Thinking Big
Mental illness affects about one in five adults in the U.S. Yet despite the best efforts of clinicians, research suggests these disorders are frequently misdiagnosed.
Ten years ago, The Lancet published a meta-analysis of more than 50,000 patients that found physicians correctly identified depression in their patients less than 50 percent of the time. In a study from the year before, researchers at the Alpert Medical School of Brown University found that 57 percent of adult participants who said they had been diagnosed with bipolar disorder did not actually have the disorder. Part of the problem is there’s still so much about the brain that experts don’t know, including how it’s affected by mental health disorders.
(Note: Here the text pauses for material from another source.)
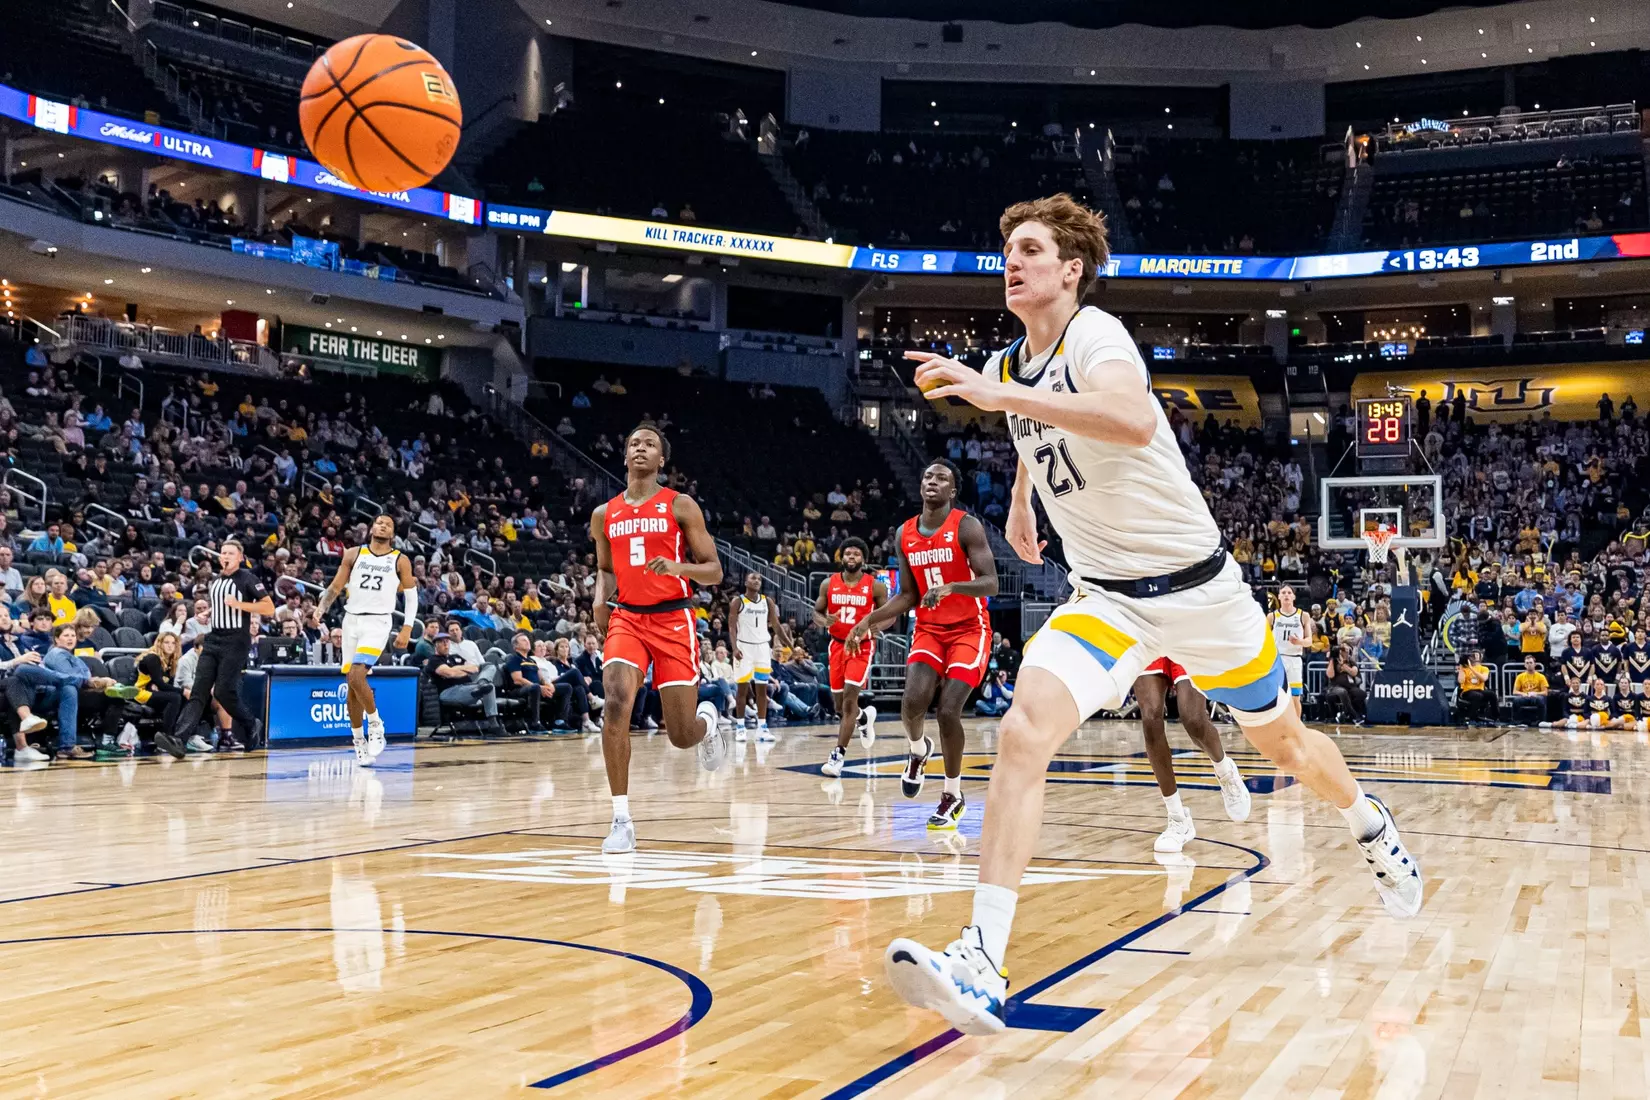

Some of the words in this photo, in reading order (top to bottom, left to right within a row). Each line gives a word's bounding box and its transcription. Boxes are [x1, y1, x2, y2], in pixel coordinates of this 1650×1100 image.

“Scientists have long thought of the brain as a locked black box because it’s so complex and dynamic,” says Vince Calhoun, Distinguished University Professor of Psychology and director of the Center for Translational Research in Neuroimaging and Data Science (TReNDS). “We’re working to remove some of the mystery.”
Working at the intersection of engineering, computer science and neuroscience, Calhoun’s team uses machine learning to pull more and better data from brain imaging scans and create a new picture of what’s happening inside the mind. He has developed algorithms that have strengthened scientists’ understanding of brain function, structure and genomics — and how each is affected by mental or neurological disorders and various tasks.
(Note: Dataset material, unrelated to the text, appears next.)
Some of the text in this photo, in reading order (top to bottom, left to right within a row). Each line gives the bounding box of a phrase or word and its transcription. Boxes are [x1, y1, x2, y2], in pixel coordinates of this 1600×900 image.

Earlier this year, Calhoun, who is also a Georgia Research Alliance Eminent Scholar in Brain Health & Image Analysis, received nearly $4 million from the National Institute of Mental Health to develop new models that use data to better predict mental illness.
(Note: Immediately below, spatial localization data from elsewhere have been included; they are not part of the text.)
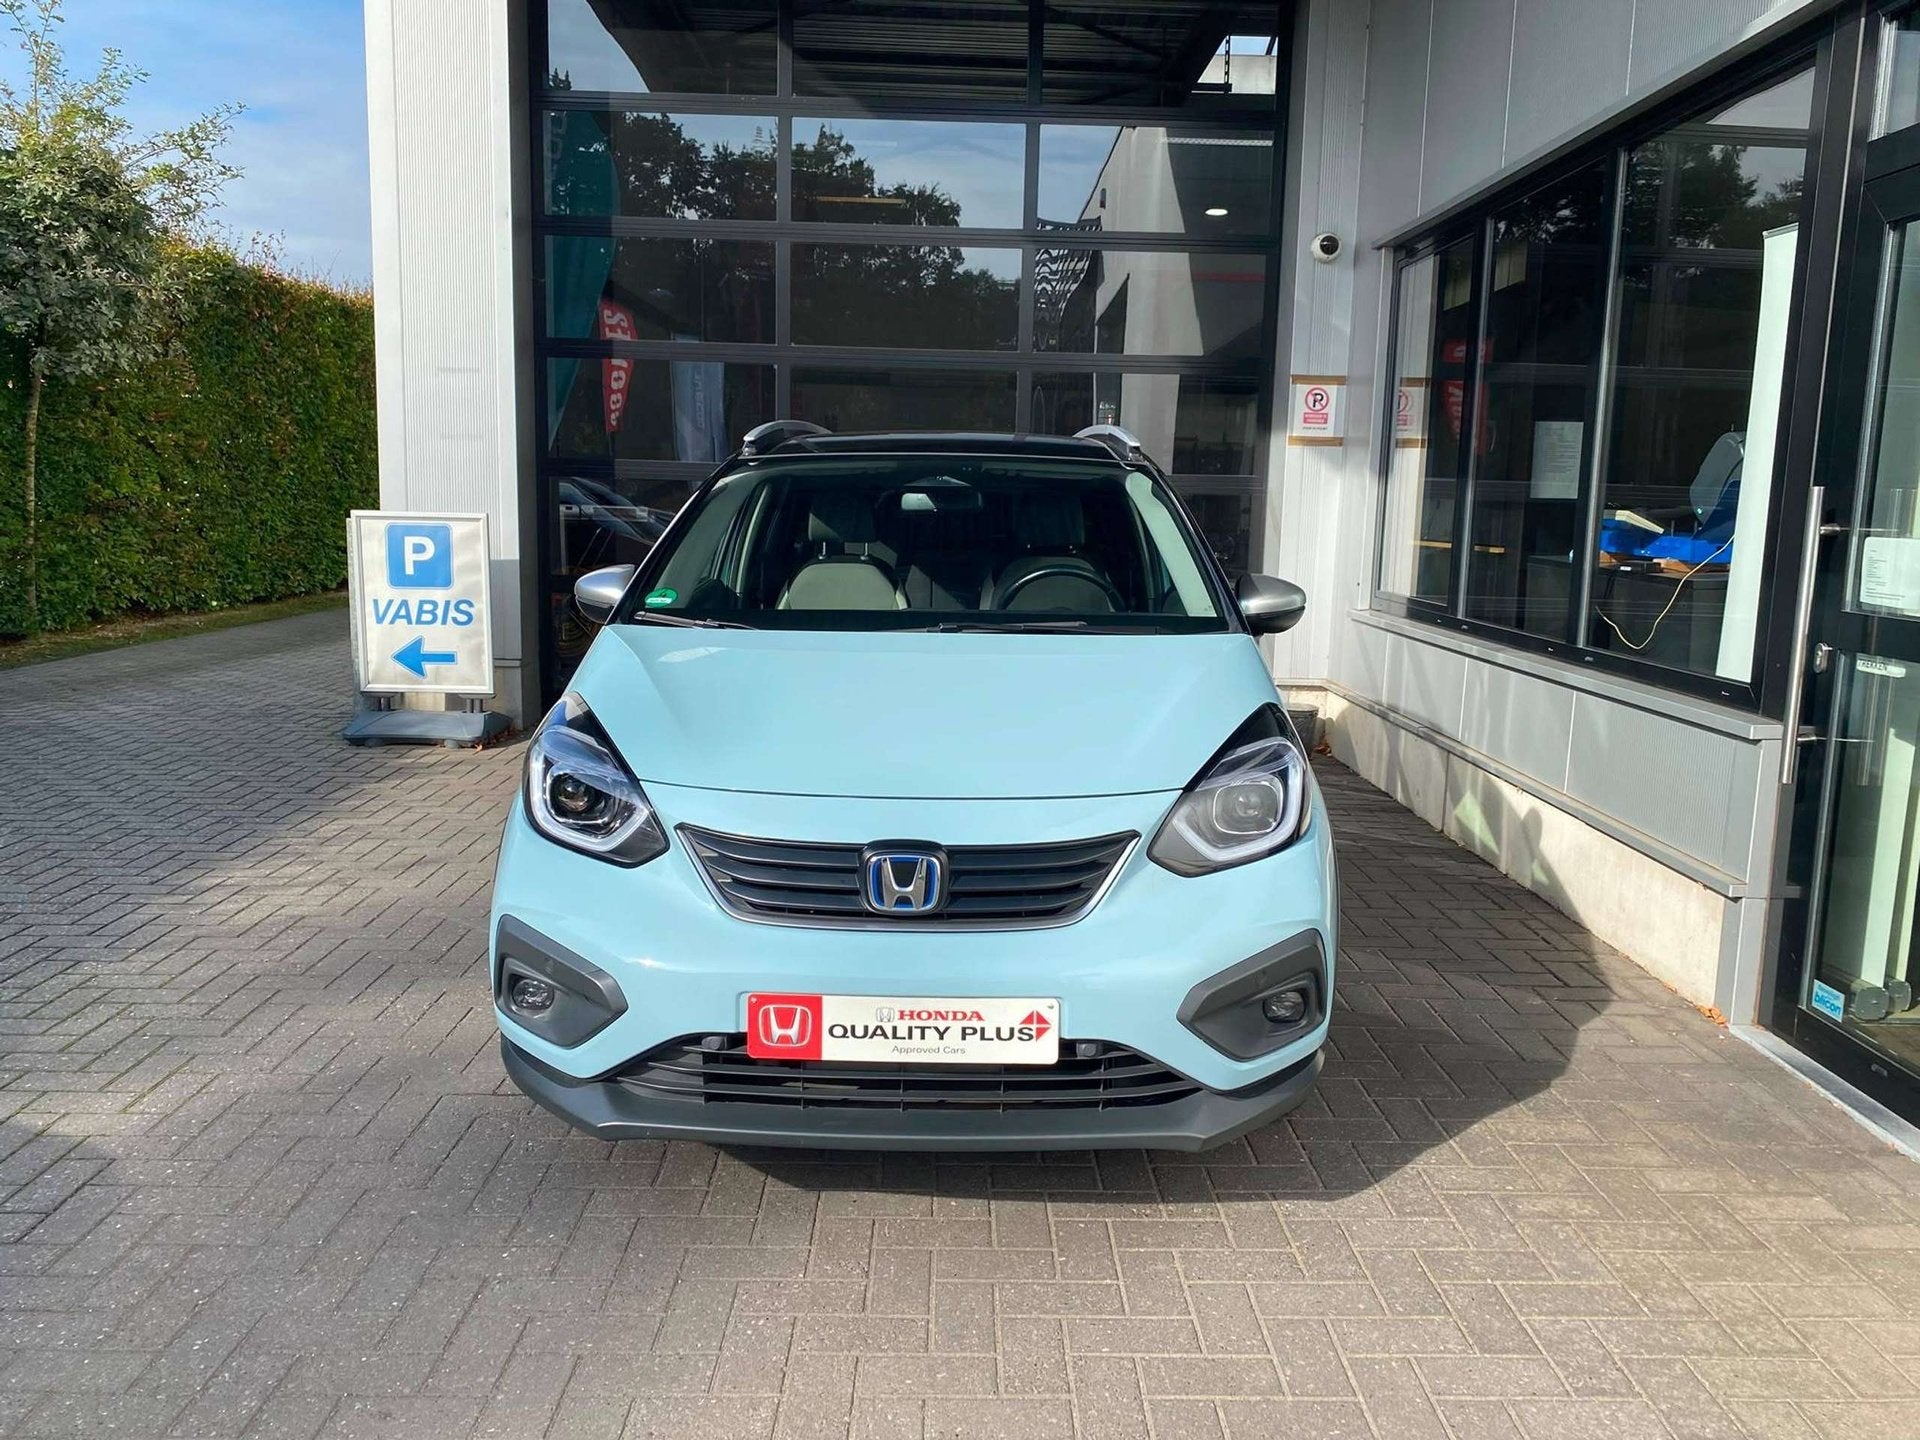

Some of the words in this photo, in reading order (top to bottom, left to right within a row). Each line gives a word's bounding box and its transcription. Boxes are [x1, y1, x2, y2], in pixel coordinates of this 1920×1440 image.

[403, 536, 435, 575] P
[372, 599, 475, 626] VABIS
[897, 1009, 985, 1022] HONDA
[828, 1024, 955, 1041] QUALITY
[961, 1026, 1035, 1042] PLUS
[892, 1045, 940, 1055] Approved
[943, 1046, 966, 1055] Cars
“Mood and psychosis disorders are incredibly complex and variable, and they’re influenced by a number of interrelated genetic and environmental factors,” Calhoun says. “Two people may have the same diagnosis without sharing symptoms, or they may have the same symptoms with different diagnoses. There is also a growing consensus that we should approach mental illness as a continuum rather than slot patients into all-or-nothing categories.”
By combining brain imaging and genomic data, the researchers will compare the accuracy of two approaches to mental health diagnosis — the standard diagnostic category method, in which clinicians use a checklist of symptoms to assign a diagnosis, and a data-driven method, where experts analyze brain data to determine a diagnosis. They will also evaluate the accuracy of a dimensional approach to diagnosis, which places patients along a spectrum by measuring constructs such as working memory, cognition or emotional reactivity.
“We’re trying to determine which diagnostic approach is best supported by the data as well as which data are most informative,” says Calhoun. “When we answer those questions, we’ll open the gateway to a lot of other insights, too.”